Hendri menambahkan bahwa jika administrasi lengkap, proses klaim sebenarnya bisa sangat sederhana. Ia mencontohkan kasus asuransi HP anaknya yang langsung diganti dengan unit baru karena tipe lama sudah tidak tersedia.
### Dorongan Perbaikan Kontrak dan Penguatan Jalur Arbitrase
Selain usulan lembaga khusus, Hendri juga menekankan pentingnya perbaikan dalam penulisan kontrak polis asuransi agar lebih mudah dipahami nasabah.
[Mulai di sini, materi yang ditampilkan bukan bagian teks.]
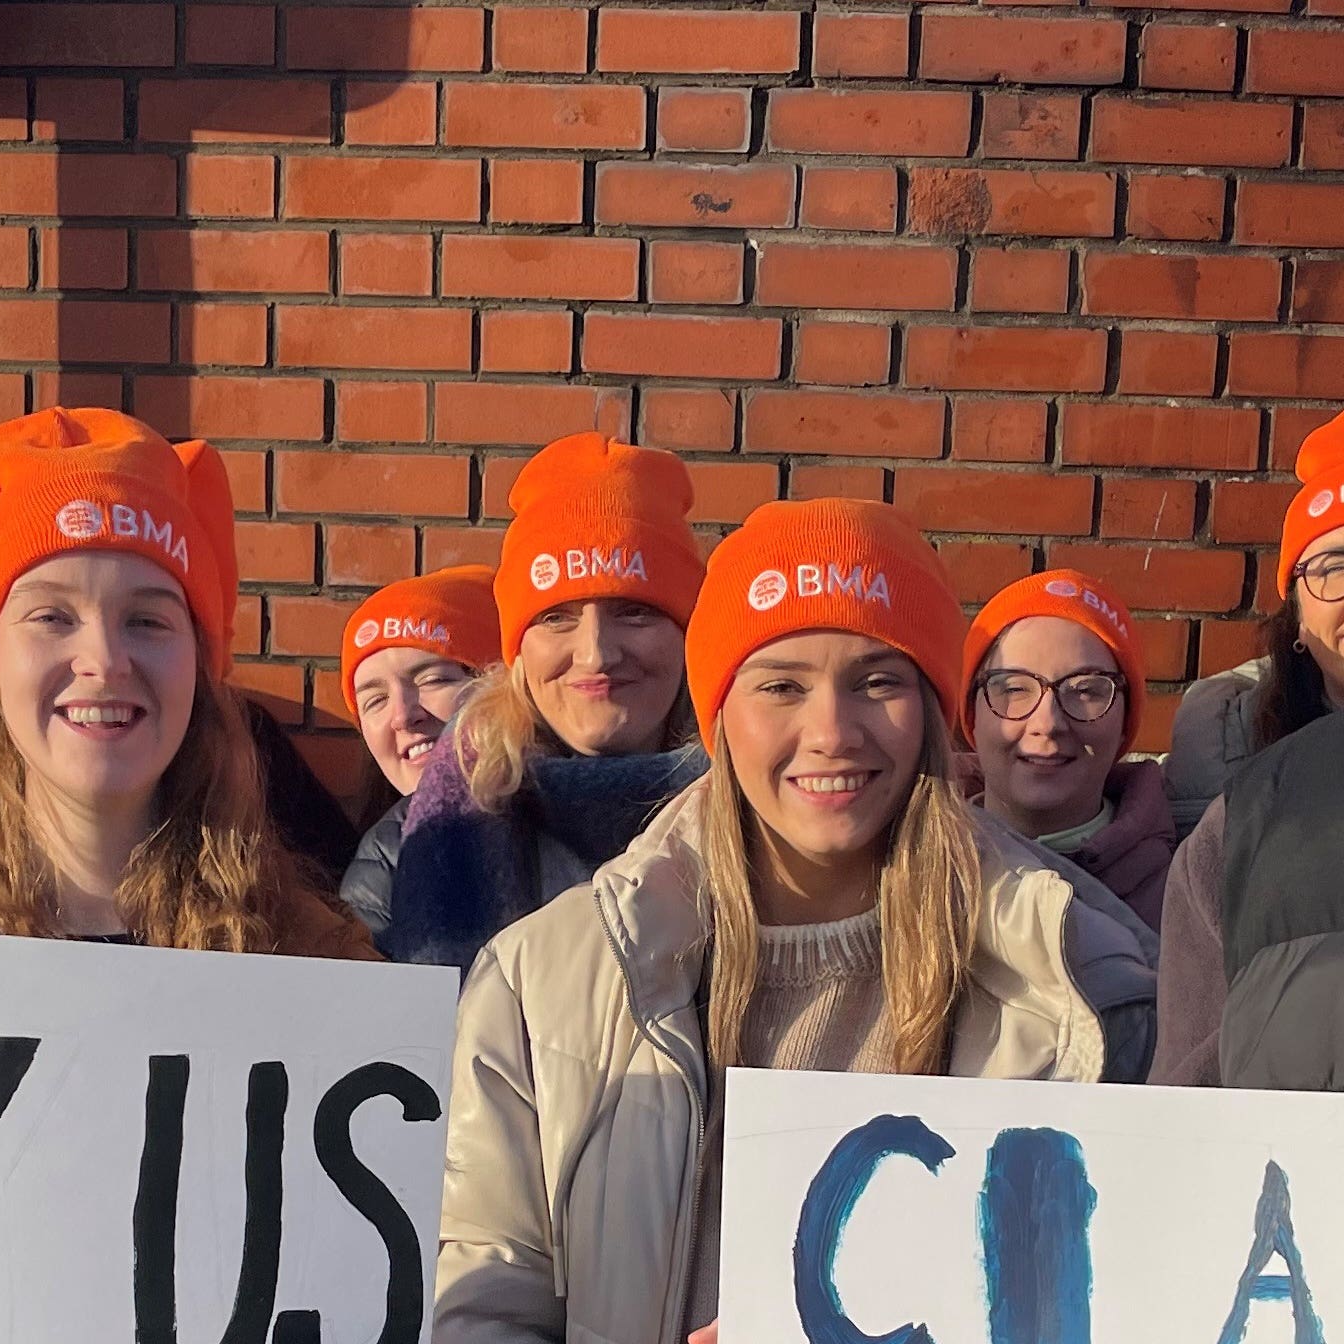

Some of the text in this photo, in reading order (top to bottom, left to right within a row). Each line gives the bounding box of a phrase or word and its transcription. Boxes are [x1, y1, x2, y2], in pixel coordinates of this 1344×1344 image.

[111, 502, 192, 574] BMA
[565, 546, 649, 582] BMA
[797, 563, 893, 610] BMA
[383, 617, 451, 644] BMA
[1083, 589, 1129, 639] BMA
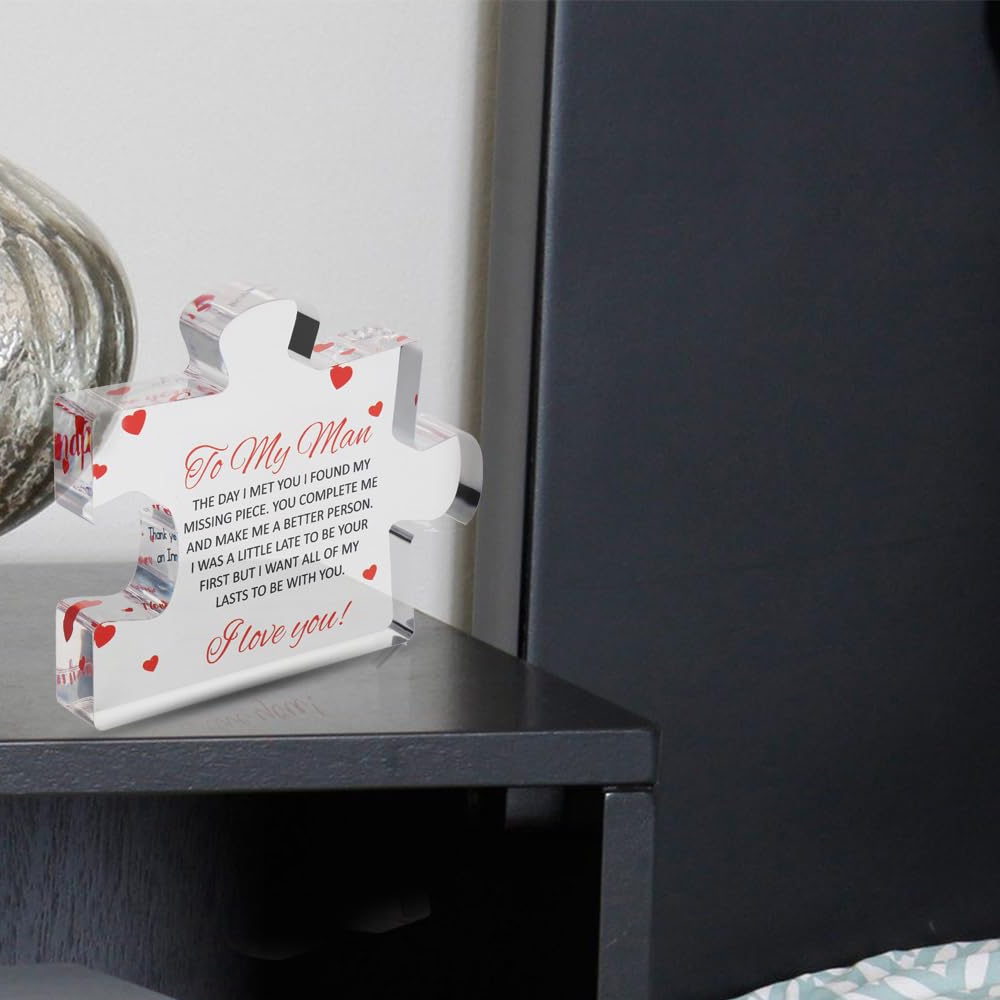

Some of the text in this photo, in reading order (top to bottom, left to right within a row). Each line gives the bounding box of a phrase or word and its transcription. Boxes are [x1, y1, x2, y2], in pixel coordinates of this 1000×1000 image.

[185, 417, 373, 489] To My Man
[184, 477, 378, 534] MISSING PIECE. YOU COMPLETE ME
[193, 459, 371, 511] THE DAY I MET YOU I FOUND MY
[186, 499, 373, 554] AND MAKE ME A BETTER PERSON.
[191, 519, 368, 574] I WAS A LITTLE LATE TO BE YOUR
[200, 541, 359, 592] FIRST BUT I WANT ALL OF MY
[216, 565, 344, 608] LASTS TO BE WITH YOU.
[207, 600, 352, 664] I love you!
Ia menyarankan perusahaan asuransi untuk memperluas penggunaan mekanisme arbitrase sebagai jalur penyelesaian sengketa yang lebih cepat dibanding proses litigasi.
“Kalau ada perselisihan, sebaiknya dibawa ke arbitrase. Menghindari proses hukum umum yang bisa berlarut-larut dan merugikan kedua belah pihak,” ungkapnya.
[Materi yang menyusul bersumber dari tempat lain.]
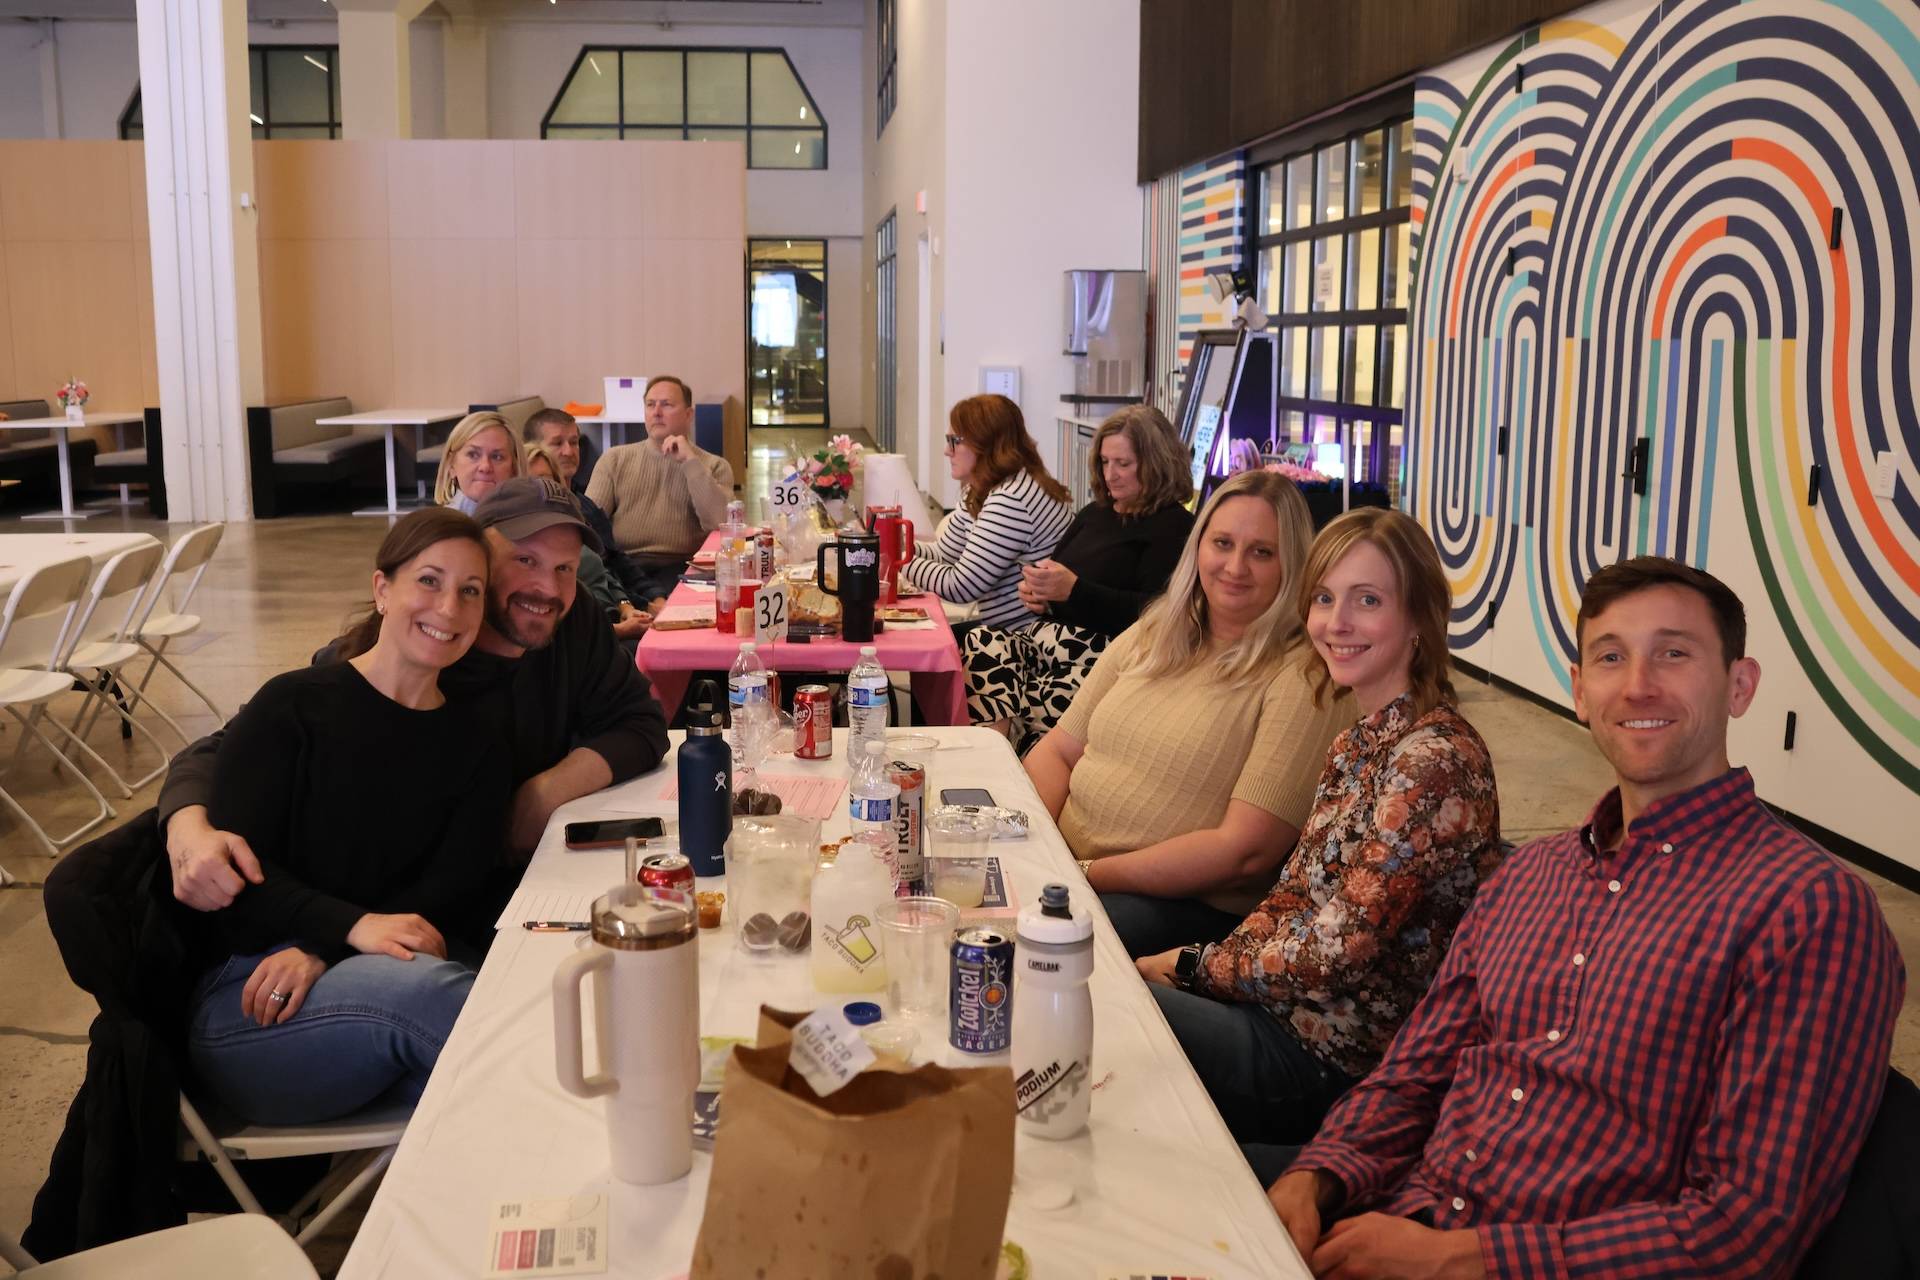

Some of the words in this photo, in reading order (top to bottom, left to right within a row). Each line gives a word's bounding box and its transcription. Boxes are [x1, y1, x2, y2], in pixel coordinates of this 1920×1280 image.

[774, 486, 799, 506] 36
[761, 550, 770, 579] TRULY
[759, 591, 785, 629] 32
[821, 932, 839, 950] TACO
[838, 949, 865, 974] BUDDHA
[1028, 959, 1059, 973] CAMELBAK
[958, 968, 980, 1032] Zwickel
[799, 1024, 849, 1079] BUDDHA
[820, 1023, 853, 1062] TACO
[957, 1038, 1006, 1050] LAGER
[1017, 1061, 1061, 1101] PODIUM
### Hendri Jayadi sebagai Ahli dalam Sidang MK
Sebelumnya, Hendri juga hadir sebagai saksi ahli dalam sidang uji materi Pasal 251 KUHD di Mahkamah Konstitusi (Perkara No. 83/PUU-XXII/2024). Ia menyatakan bahwa ketentuan tersebut menimbulkan ketimpangan antara penanggung dan tertanggung, karena memberi ruang bagi perusahaan untuk membatalkan polis secara sepihak.
“Kalau pasal ini dipertahankan, posisi perusahaan asuransi terlalu dominan. Ini tidak adil bagi konsumen,” tegasnya di hadapan majelis hakim MK.
Dengan bergulirnya putusan ini, Hendri berharap pembaruan sistem hukum asuransi Indonesia dapat segera dilakukan, termasuk pembentukan lembaga penyelesaian sengketa yang khusus, adil, dan mudah diakses oleh masyarakat.